-- PROVIDED DATA follows --
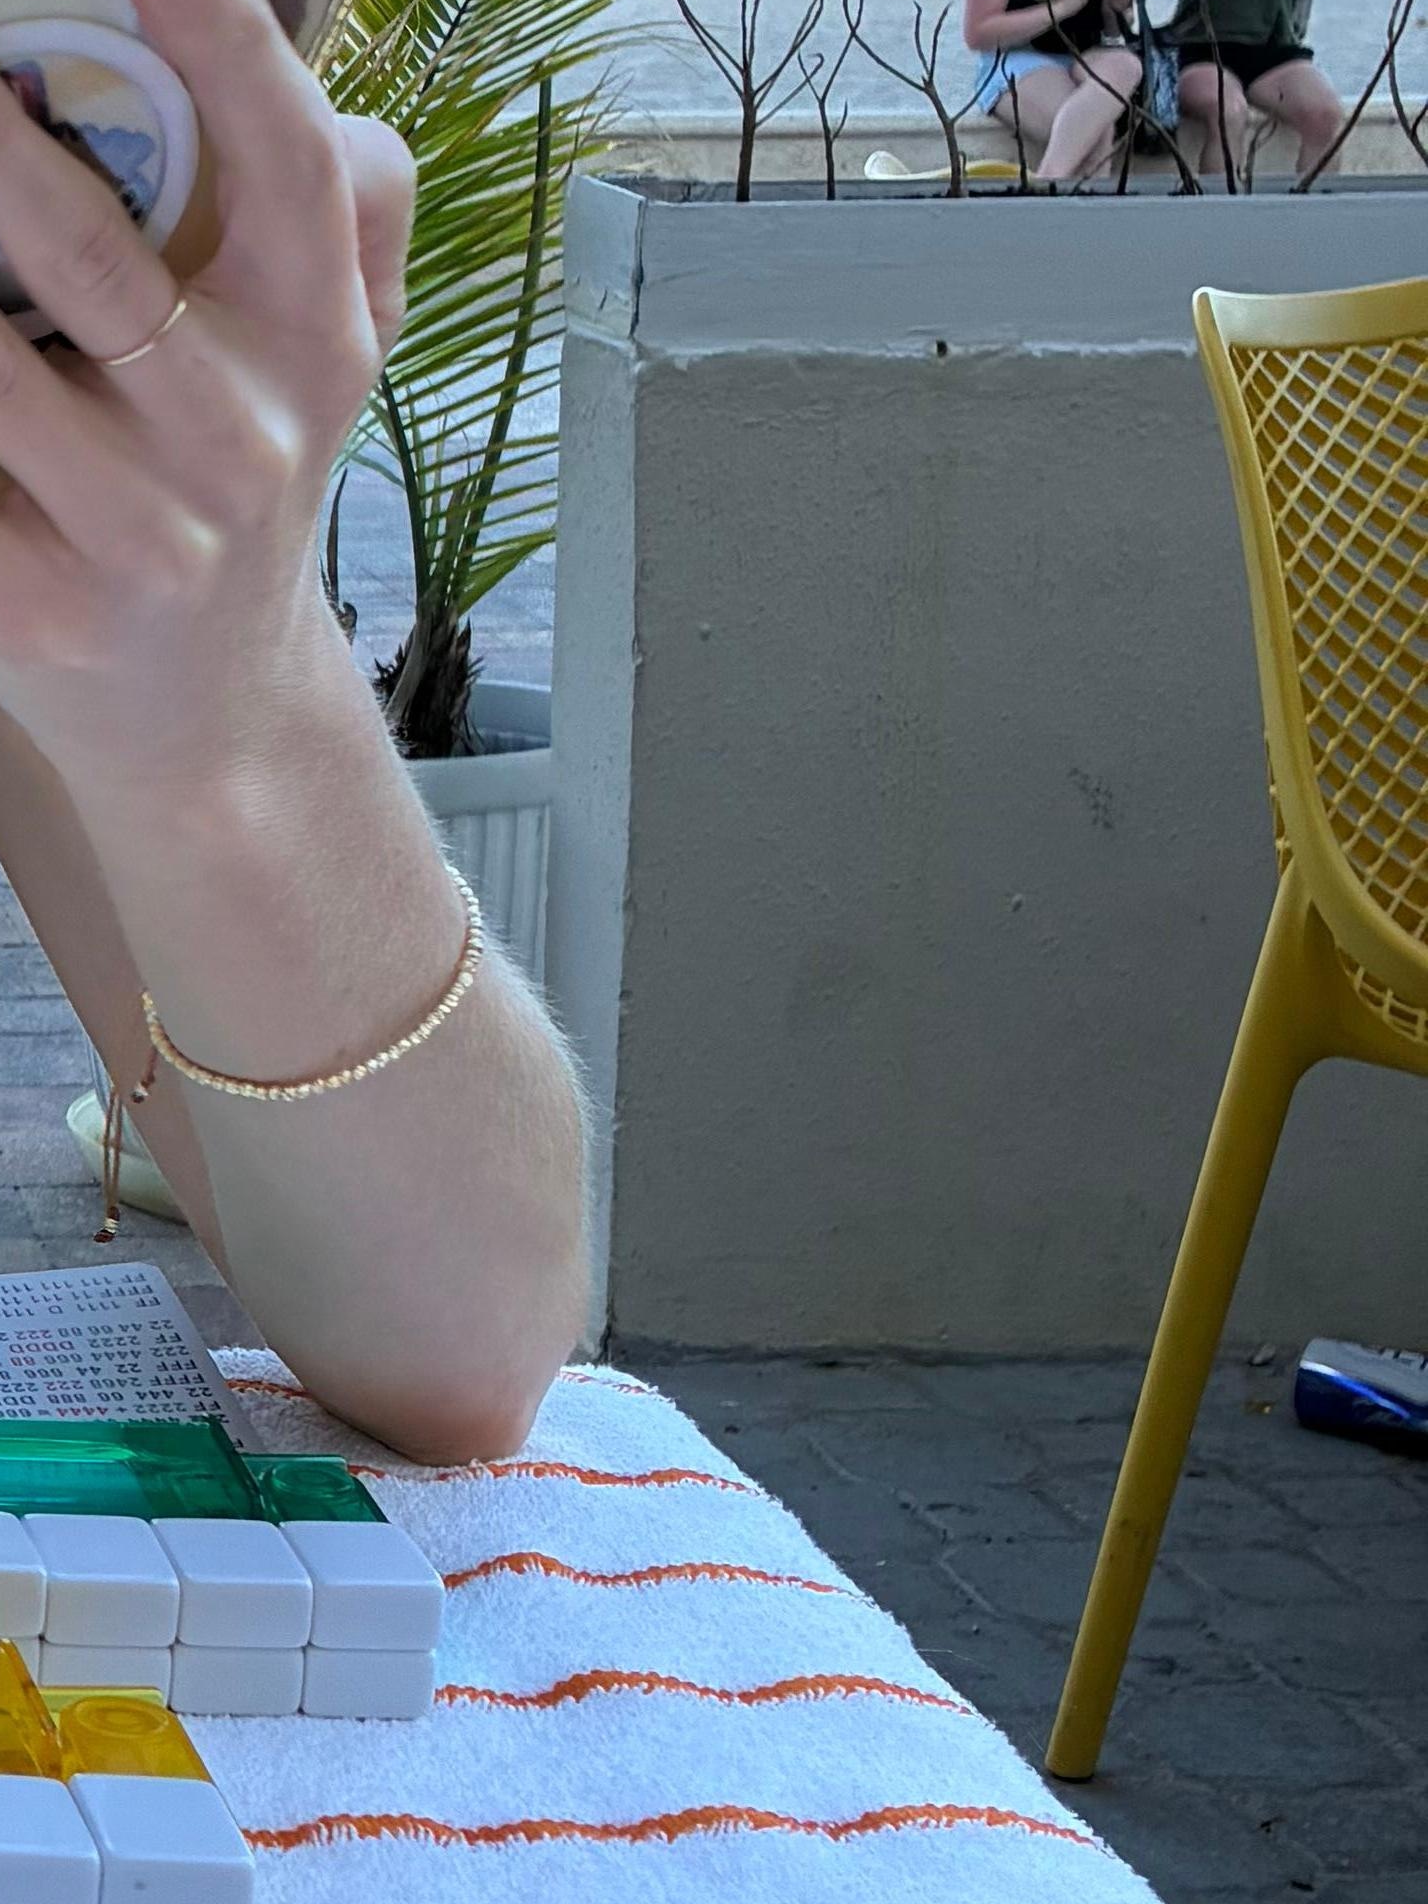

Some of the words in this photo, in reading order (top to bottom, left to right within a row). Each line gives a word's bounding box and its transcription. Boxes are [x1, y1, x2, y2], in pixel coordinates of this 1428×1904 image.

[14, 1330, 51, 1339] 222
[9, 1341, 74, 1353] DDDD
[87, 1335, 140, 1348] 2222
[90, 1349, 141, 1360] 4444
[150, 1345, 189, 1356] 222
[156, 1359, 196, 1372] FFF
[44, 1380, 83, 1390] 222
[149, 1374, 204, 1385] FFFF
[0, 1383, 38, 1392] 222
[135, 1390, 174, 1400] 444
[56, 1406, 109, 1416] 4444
-- PROVIDED DATA concluded --
-- PROVIDED DATA follows --
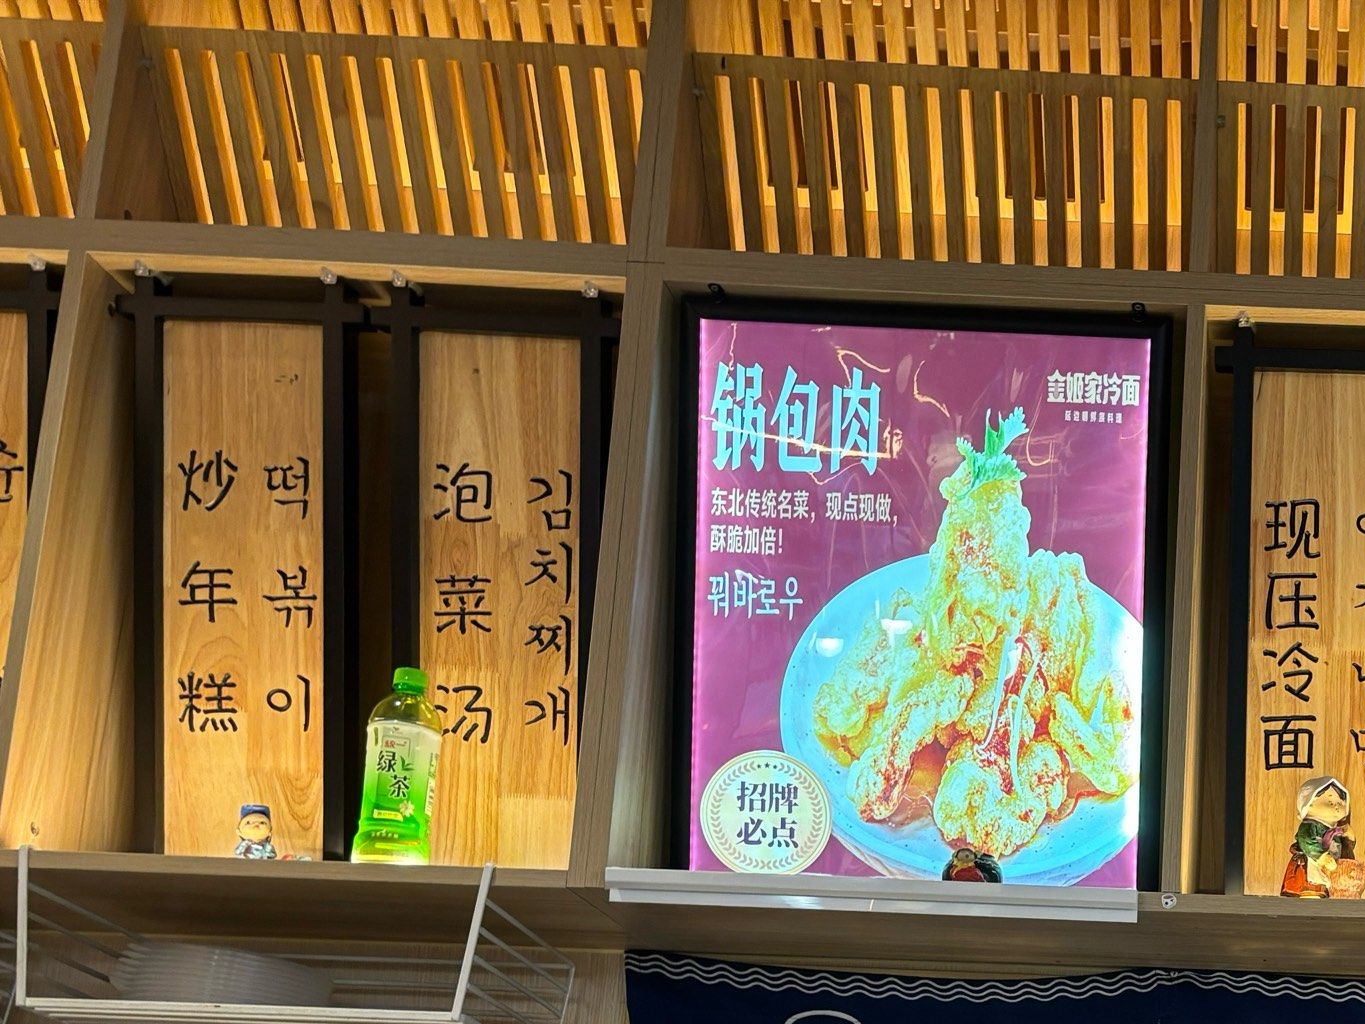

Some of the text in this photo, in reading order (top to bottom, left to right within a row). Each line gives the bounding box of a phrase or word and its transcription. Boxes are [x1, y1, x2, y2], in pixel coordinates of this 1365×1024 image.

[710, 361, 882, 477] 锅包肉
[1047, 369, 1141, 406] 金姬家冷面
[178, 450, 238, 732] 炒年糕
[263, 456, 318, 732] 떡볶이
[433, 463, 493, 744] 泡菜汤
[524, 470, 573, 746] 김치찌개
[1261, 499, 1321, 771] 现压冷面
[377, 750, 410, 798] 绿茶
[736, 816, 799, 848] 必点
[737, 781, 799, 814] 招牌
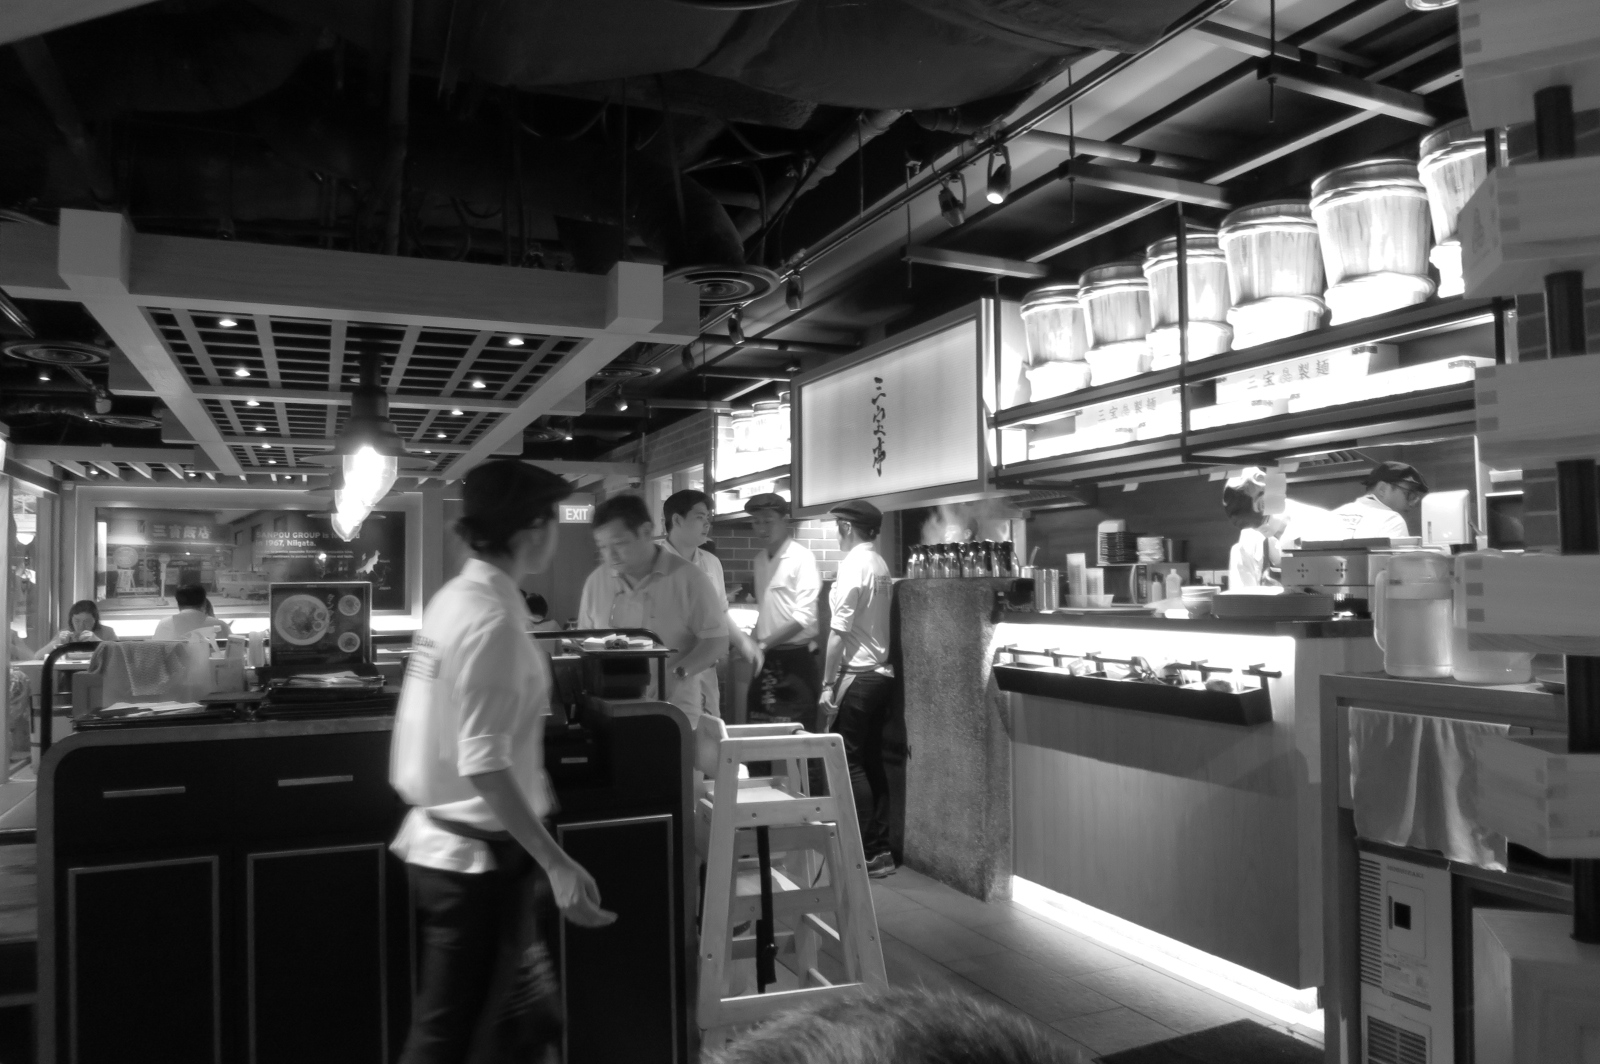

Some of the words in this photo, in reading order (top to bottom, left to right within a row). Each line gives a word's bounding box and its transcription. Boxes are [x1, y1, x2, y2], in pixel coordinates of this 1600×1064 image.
-- PROVIDED DATA concluded --
DIRECTIONS: Among the entries above, locate the line with "Some of the text" and the line with "this 1600×1064 image.". Give those two lines and all lines between them again, exactly, leaving out the pictures.

THE COMPLETED TASK:
Some of the text in this photo, in reading order (top to bottom, left to right within a row). Each line gives the bounding box of a phrase or word and its transcription. Boxes are [x1, y1, x2, y2], in pixel coordinates of this 1365×1024 image.

[710, 361, 882, 477] 锅包肉
[1047, 369, 1141, 406] 金姬家冷面
[178, 450, 238, 732] 炒年糕
[263, 456, 318, 732] 떡볶이
[433, 463, 493, 744] 泡菜汤
[524, 470, 573, 746] 김치찌개
[1261, 499, 1321, 771] 现压冷面
[377, 750, 410, 798] 绿茶
[736, 816, 799, 848] 必点
[737, 781, 799, 814] 招牌

Some of the words in this photo, in reading order (top to bottom, left to right within a row). Each line gives a word's bounding box and its transcription. Boxes are [x1, y1, x2, y2], in pixel coordinates of this 1600×1064 image.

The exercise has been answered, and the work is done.